§ **Exercise prompt**:
Would you reproduce the whole listing exactly, minus its images?

Top of Data in this exercise

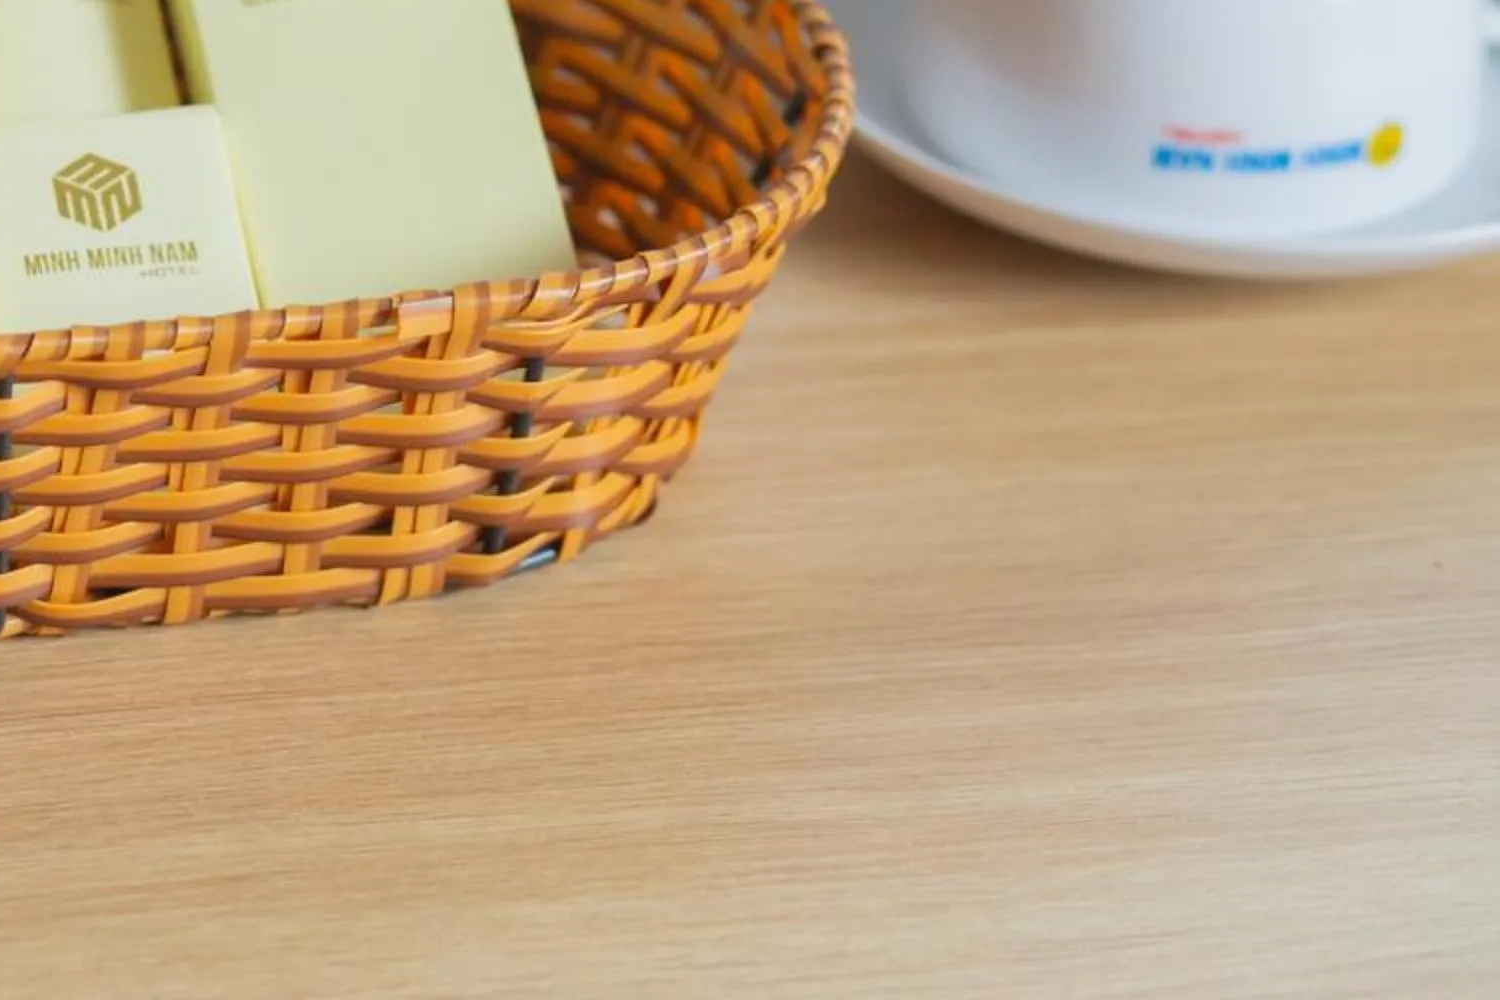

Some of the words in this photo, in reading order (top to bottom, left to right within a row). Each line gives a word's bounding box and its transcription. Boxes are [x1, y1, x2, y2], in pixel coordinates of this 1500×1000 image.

[24, 250, 80, 276] MINH
[86, 245, 143, 270] MINH
[149, 240, 197, 263] NAM
[138, 265, 199, 279] HOTEL

Bottom of Data in this exercise

§ **Response to the task**:
Some of the words in this photo, in reading order (top to bottom, left to right within a row). Each line gives a word's bounding box and its transcription. Boxes are [x1, y1, x2, y2], in pixel coordinates of this 1500×1000 image.

[24, 250, 80, 276] MINH
[86, 245, 143, 270] MINH
[149, 240, 197, 263] NAM
[138, 265, 199, 279] HOTEL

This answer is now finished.